Quote: “Daniel Byrnes not only violated the law through his behavior, he violated the trust that the plan’s participants placed in him,” said Susan Hensley, EBSA’s regional director in Boston. “We seek his removal and the appointment of an independent fiduciary to help undo his actions and allow plan participants access to their benefits.”
Court: U.S. District Court for the Northern District of New York
Docket Number: 1:15-cv-00093-FJS-RFT
Media Contacts:
Ted Fitzgerald, (617) 565-2075, fitzgerald.edmund@dol.gov
Andre J. Bowser, (617) 565-2074, bowser.andre.j@dol.gov
He acted improperly as the Administrator and is being sued by the State of New York. The Lawsuit document, available on this Board, lays out the various breaches / accusations.
Actual Bona fide results are required to be provided to the Shareholders and the Market in general. Only red flags are appearing. IMO
Dan Byrnes, President, interview was on Stock Radio. Their normal practise is to provide one complimentary interview and follow up interviews are to be paid for by the Company. Sarissa received their complimentary interview in late 2014. Presumably they now must compensate this Public Relations Firm for their advertising.

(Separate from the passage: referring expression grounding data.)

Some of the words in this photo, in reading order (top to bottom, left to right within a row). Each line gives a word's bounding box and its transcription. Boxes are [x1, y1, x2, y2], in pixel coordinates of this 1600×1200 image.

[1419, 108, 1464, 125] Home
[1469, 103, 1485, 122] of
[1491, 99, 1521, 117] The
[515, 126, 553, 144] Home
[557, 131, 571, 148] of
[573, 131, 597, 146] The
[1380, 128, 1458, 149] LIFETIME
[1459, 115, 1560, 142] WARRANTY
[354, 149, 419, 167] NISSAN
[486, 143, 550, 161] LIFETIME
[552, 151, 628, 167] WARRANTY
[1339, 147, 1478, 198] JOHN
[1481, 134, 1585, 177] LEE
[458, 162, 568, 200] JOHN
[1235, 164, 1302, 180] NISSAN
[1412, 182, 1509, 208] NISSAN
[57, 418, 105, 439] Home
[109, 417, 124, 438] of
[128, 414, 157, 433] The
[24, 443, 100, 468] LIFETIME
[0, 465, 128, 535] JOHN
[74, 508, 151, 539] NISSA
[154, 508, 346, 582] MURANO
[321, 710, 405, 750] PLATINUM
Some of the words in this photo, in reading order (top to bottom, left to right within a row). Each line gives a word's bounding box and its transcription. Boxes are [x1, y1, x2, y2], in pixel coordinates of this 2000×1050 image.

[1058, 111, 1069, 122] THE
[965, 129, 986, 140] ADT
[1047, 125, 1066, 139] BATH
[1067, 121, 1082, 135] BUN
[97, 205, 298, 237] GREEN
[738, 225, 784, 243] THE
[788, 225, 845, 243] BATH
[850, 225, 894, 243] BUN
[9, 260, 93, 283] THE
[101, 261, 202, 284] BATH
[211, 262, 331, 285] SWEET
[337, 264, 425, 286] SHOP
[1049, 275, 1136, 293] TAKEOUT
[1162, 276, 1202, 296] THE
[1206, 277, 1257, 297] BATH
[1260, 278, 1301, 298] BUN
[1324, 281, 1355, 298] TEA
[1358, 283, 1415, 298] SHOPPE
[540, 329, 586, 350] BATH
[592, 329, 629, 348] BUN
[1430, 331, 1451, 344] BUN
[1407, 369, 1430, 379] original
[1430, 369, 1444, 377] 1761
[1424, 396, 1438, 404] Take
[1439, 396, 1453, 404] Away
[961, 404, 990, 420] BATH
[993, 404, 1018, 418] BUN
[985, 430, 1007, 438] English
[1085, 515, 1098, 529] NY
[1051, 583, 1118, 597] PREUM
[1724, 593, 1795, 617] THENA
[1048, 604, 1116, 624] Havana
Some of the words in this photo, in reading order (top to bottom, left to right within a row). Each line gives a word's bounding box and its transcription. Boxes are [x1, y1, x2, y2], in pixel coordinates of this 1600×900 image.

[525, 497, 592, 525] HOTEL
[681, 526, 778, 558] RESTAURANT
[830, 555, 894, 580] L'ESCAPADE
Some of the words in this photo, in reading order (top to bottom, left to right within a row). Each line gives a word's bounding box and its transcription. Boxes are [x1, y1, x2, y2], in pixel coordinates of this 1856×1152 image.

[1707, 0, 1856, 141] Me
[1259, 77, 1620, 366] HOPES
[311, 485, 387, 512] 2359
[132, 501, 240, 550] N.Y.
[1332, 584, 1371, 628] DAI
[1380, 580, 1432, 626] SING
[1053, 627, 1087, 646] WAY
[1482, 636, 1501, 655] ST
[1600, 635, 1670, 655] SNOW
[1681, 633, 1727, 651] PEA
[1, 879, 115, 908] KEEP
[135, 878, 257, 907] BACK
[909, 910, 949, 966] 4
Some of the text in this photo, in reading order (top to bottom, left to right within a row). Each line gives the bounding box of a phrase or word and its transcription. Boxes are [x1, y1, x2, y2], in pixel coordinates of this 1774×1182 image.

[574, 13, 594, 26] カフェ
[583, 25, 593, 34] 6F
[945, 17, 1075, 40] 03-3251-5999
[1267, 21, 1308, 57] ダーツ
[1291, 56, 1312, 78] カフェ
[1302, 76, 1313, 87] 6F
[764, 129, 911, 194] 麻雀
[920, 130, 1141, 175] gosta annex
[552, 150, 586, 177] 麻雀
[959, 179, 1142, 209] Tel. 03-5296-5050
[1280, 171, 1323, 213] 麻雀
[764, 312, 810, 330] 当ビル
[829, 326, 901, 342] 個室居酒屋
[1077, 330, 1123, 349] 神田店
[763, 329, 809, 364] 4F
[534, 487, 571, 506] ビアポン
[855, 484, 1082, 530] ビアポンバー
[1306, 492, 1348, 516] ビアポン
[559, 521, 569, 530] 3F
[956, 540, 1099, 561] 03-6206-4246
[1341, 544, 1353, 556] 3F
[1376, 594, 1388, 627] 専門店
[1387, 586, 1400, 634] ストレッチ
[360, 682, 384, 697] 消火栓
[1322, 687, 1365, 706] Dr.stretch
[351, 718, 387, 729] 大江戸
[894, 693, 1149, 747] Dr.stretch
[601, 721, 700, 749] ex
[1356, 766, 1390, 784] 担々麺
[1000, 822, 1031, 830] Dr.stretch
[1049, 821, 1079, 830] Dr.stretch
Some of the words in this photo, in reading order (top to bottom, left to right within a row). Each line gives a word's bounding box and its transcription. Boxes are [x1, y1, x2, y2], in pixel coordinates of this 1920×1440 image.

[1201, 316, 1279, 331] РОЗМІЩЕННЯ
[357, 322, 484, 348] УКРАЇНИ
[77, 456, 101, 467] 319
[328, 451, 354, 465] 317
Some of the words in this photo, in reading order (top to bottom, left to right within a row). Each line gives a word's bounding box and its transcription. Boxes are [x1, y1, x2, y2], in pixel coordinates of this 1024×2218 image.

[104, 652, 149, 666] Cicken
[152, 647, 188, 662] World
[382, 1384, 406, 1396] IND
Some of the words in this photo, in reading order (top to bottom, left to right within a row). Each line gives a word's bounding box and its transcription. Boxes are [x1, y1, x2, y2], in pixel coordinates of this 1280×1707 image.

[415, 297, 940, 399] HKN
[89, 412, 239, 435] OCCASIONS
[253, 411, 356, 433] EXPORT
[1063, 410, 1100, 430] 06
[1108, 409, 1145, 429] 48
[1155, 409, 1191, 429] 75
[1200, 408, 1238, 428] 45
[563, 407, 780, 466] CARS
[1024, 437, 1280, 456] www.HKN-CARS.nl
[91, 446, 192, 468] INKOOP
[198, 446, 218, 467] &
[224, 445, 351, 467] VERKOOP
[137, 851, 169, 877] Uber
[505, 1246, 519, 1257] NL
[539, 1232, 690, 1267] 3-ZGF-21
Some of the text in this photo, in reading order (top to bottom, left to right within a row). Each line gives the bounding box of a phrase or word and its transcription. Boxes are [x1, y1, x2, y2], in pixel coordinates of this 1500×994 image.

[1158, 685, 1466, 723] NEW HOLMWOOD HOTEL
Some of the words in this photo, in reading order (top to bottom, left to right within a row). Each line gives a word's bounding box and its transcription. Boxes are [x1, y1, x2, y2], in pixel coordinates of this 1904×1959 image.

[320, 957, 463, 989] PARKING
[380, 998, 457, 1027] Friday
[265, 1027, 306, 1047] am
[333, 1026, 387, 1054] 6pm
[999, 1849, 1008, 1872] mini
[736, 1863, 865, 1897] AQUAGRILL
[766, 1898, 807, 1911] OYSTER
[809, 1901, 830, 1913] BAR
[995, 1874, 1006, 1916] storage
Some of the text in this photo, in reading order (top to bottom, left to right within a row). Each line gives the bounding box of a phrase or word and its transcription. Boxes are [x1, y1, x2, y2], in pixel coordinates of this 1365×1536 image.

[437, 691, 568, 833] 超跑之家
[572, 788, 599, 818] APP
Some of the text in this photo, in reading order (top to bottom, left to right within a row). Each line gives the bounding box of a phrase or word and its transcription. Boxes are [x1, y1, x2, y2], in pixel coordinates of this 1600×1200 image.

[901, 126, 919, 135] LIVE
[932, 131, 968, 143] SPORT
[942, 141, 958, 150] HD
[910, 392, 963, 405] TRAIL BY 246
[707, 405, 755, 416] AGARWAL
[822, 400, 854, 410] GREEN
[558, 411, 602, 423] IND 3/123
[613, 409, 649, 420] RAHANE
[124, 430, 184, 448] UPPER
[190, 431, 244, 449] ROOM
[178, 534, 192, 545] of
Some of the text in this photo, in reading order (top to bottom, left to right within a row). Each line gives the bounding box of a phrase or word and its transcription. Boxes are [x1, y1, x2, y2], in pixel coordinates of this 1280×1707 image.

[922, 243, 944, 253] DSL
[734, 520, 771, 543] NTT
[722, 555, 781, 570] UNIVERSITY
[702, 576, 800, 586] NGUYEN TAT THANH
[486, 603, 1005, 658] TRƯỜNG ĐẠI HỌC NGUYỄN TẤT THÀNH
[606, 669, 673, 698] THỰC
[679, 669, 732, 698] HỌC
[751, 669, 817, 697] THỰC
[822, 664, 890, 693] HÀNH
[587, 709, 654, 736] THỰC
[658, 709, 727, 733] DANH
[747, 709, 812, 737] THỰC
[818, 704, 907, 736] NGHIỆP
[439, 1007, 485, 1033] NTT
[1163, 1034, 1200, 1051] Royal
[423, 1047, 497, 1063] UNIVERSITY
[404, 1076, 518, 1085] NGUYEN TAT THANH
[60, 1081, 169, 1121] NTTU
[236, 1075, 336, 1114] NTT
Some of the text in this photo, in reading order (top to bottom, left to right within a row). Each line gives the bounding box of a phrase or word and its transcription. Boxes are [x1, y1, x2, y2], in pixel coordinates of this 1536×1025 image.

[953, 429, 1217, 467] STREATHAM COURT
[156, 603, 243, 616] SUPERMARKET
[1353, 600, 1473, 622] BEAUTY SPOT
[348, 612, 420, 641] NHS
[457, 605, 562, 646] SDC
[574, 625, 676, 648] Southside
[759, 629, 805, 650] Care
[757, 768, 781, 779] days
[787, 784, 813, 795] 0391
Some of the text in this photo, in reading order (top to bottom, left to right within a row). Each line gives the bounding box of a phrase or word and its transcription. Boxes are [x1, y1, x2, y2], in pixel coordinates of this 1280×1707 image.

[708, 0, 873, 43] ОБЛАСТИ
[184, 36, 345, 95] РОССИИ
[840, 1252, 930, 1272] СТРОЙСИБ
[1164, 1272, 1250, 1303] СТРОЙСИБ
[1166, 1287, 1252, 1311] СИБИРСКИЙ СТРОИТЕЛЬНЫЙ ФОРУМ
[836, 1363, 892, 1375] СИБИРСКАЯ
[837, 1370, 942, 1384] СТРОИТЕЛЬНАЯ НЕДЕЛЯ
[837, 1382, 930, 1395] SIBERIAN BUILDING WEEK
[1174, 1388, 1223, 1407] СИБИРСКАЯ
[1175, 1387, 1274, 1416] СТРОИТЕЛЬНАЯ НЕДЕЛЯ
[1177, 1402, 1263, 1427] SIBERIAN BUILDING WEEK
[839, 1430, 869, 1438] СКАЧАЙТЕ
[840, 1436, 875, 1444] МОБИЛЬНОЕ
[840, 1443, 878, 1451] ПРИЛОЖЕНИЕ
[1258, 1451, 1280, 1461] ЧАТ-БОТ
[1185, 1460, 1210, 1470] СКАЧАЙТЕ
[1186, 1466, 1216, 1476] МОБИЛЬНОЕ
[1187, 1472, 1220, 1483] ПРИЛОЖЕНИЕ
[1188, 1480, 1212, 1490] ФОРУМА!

Stock Radio is a division of the Seo Freisin Inc, a Public Relations Firm.
Quote from their site -
"This website (Stock Radio) is a service of Seo Freisin, Inc., a financial public relations firm that receives compensation by some of the companies profiled. All direct and third party compensation received has been disclosed within each individual profile in accordance with section 17(b) of the Securities Act of 1933. This compensation constitutes a conflict of interest as to our ability to remain objective in our communication regarding the profiled companies. Seo Freisin, Inc., and/or its affiliated will hold, buy, and sell securities in the companies profiled. When compensated in shares, all readers should be aware that is our policy to liquidate all shares immediately. We reserve the right to buy or sell the shares of any the companies mentioned in any materials we produce at any time. This compensation constitutes a conflict of interest as to our ability to remain objective in our communication regarding the profiled companies."
The "competition " Board of Directors and Management has a strong Financial, Business and Mining background. They also have a sound internal support system in all of these areas.
Sarissa is not in the same category - IMO.
In Dan s recent Stock Radio "interview " he stated that they are at Phase 1 of the Project. He also said Historical Data can not be used as proof.
He did state that they were in midst of getting things done in order to meet today s Geological related requirements.
On paper the 11M shares are worth approximately $130,000.00. The cost of converting them / depositing to an Brokerage Account would be in the hundreds of dollars.
What Dan told Investigators about the Shares not being "liquid" has more to do with the Company Shares not having enough volume to sustain such a "sell" off.
As I understand the Complaint / Writ filed with the Courts it was not Dan s money that was invested. His Firm was the Administrator of a Retirement Fund. The New York Department of Labor states that he failed in his fiduciary duty as the Administrator of the Fund and is seeking to seize the Fund and it s Assets. Apparently the only Assets are the 11 Million Sarissa shares.
I agree that in the final analysis it may turn out to being a minor bleep on the radar. However the State of New York feels it deserved investigation and a Lawsuit. Until the matter is resolved it is both a Legal issue for Dan and a Business issue for Sarissa to deal with.
Is that to mean that you are satisfied that an Administrator of a registered Retirement Plan utilized 95 percent of the Fund value to invest in a Penny Stock Company. Apparently a Company that he had a personal Financial interest in.
He had a fiduciary duty as the Administrator of the Fund. Investing almost the entire proceeds of the Fund into one (then) 2 cent stock is not defendable under any sensible Business organizational Plan.